▶ [Data provided]
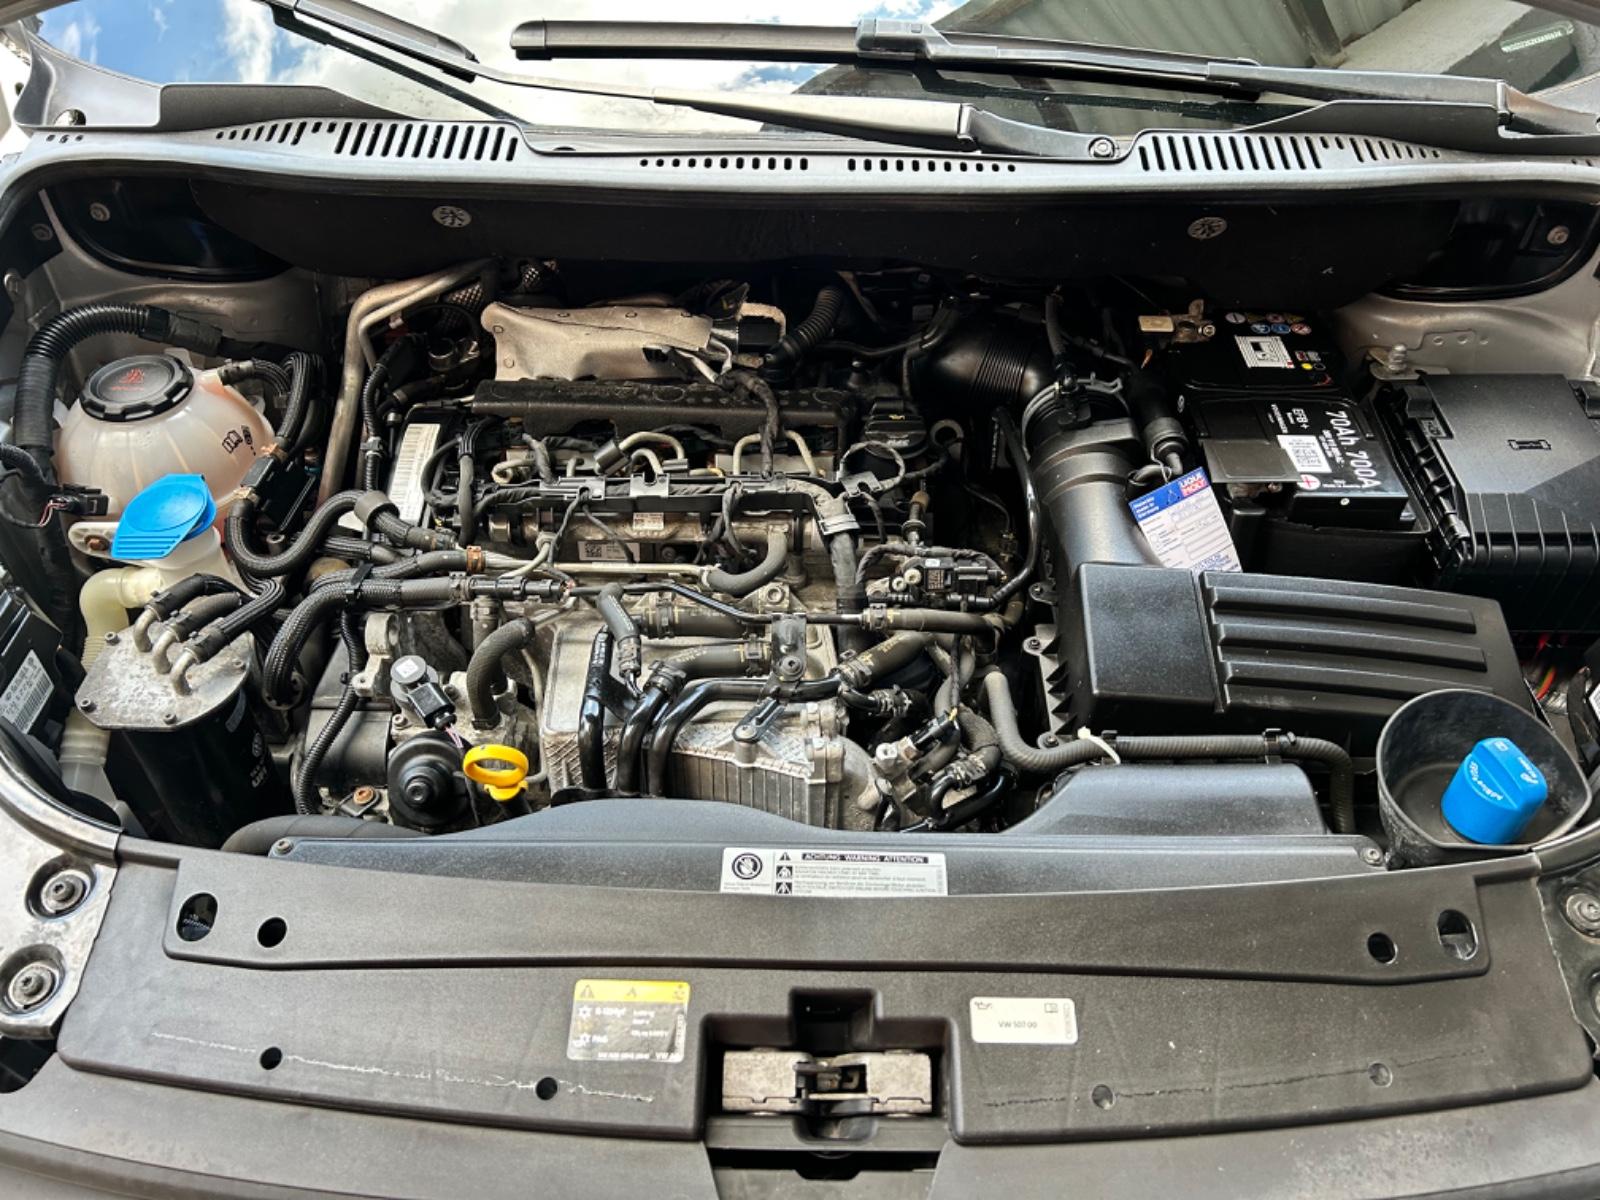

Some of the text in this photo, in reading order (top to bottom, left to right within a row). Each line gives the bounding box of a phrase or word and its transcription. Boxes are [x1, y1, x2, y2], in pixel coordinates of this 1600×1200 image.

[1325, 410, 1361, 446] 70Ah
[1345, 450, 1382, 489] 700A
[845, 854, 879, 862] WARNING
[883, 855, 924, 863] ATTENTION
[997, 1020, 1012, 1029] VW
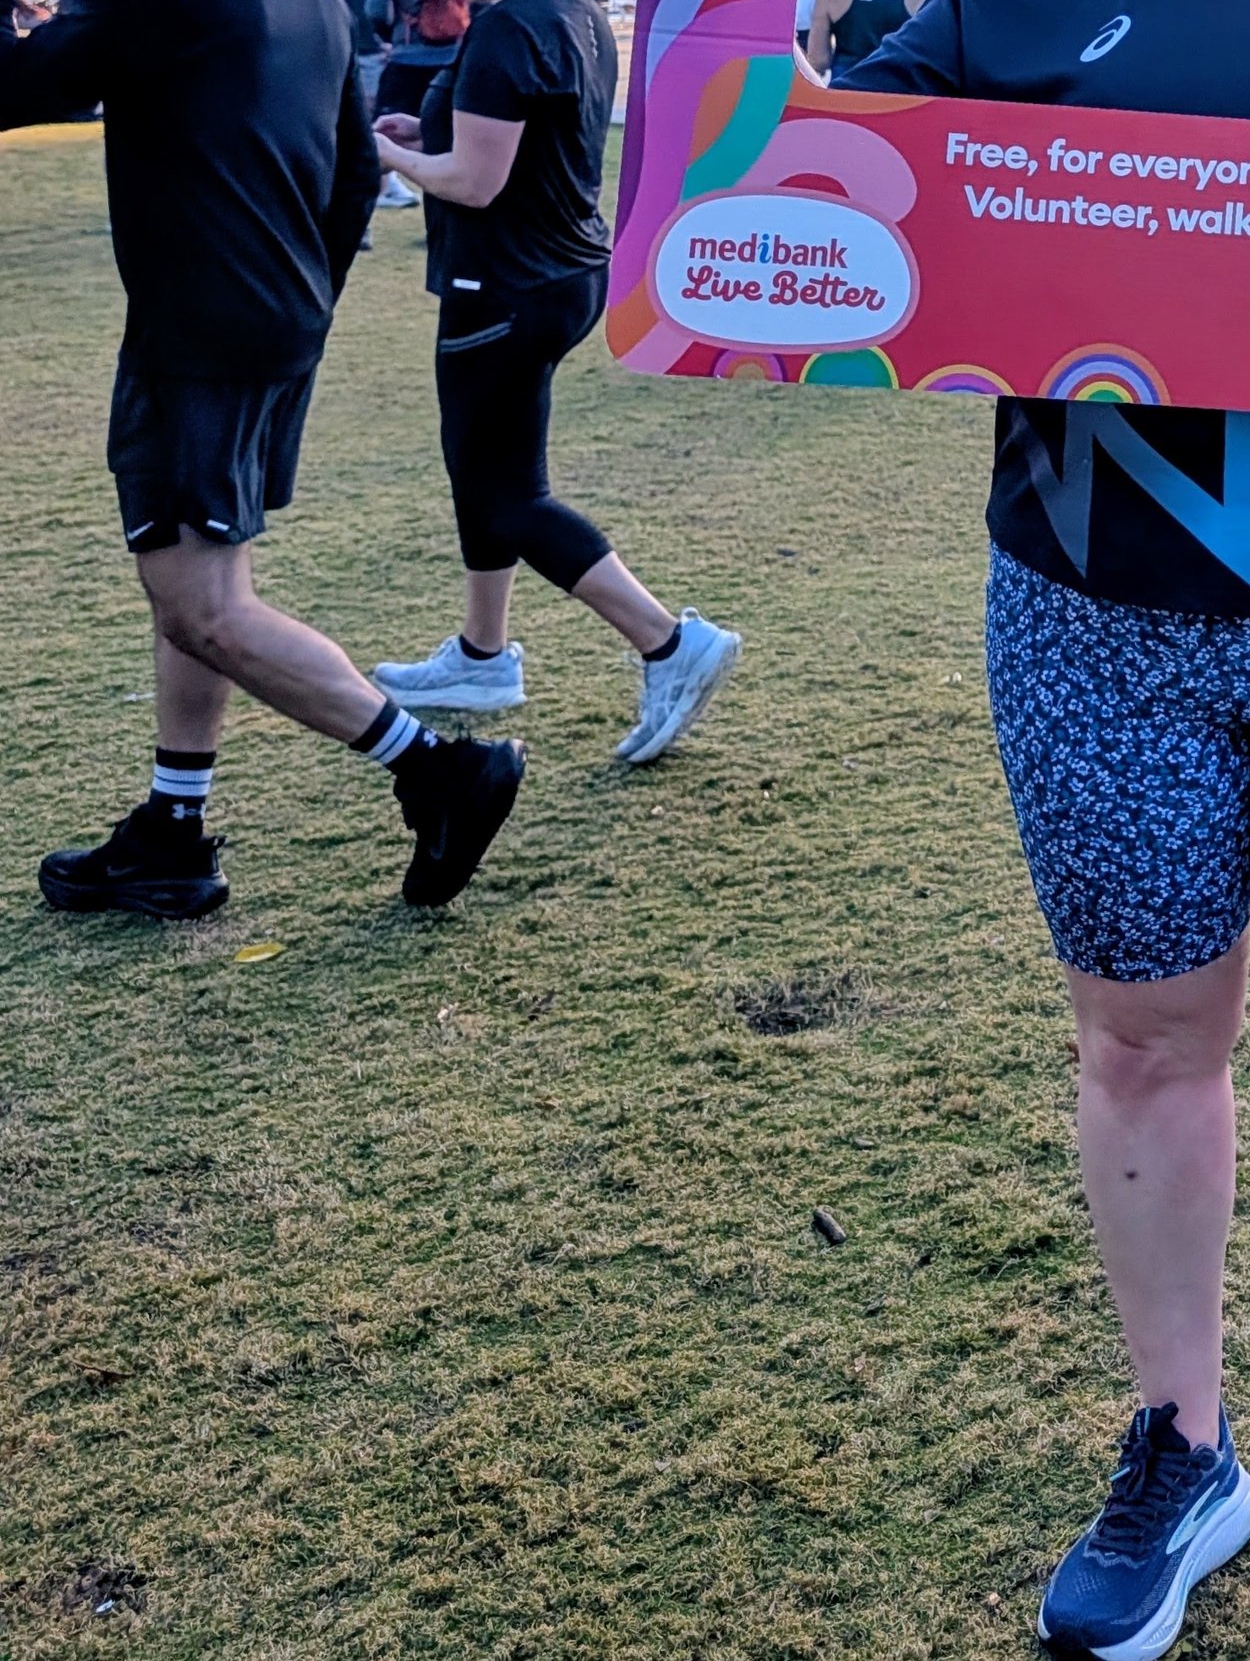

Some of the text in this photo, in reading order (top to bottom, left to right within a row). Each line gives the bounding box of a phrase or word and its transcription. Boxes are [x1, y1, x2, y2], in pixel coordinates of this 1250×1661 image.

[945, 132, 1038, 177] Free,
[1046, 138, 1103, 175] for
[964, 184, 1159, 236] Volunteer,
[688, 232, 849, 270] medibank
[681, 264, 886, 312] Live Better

▶ [Work order]
Quote the material exactly. Pictures stay out.

▶ [Task result]
Some of the text in this photo, in reading order (top to bottom, left to right within a row). Each line gives the bounding box of a phrase or word and its transcription. Boxes are [x1, y1, x2, y2], in pixel coordinates of this 1600×1200 image.

[1325, 410, 1361, 446] 70Ah
[1345, 450, 1382, 489] 700A
[845, 854, 879, 862] WARNING
[883, 855, 924, 863] ATTENTION
[997, 1020, 1012, 1029] VW

Some of the text in this photo, in reading order (top to bottom, left to right within a row). Each line gives the bounding box of a phrase or word and its transcription. Boxes are [x1, y1, x2, y2], in pixel coordinates of this 1250×1661 image.

[945, 132, 1038, 177] Free,
[1046, 138, 1103, 175] for
[964, 184, 1159, 236] Volunteer,
[688, 232, 849, 270] medibank
[681, 264, 886, 312] Live Better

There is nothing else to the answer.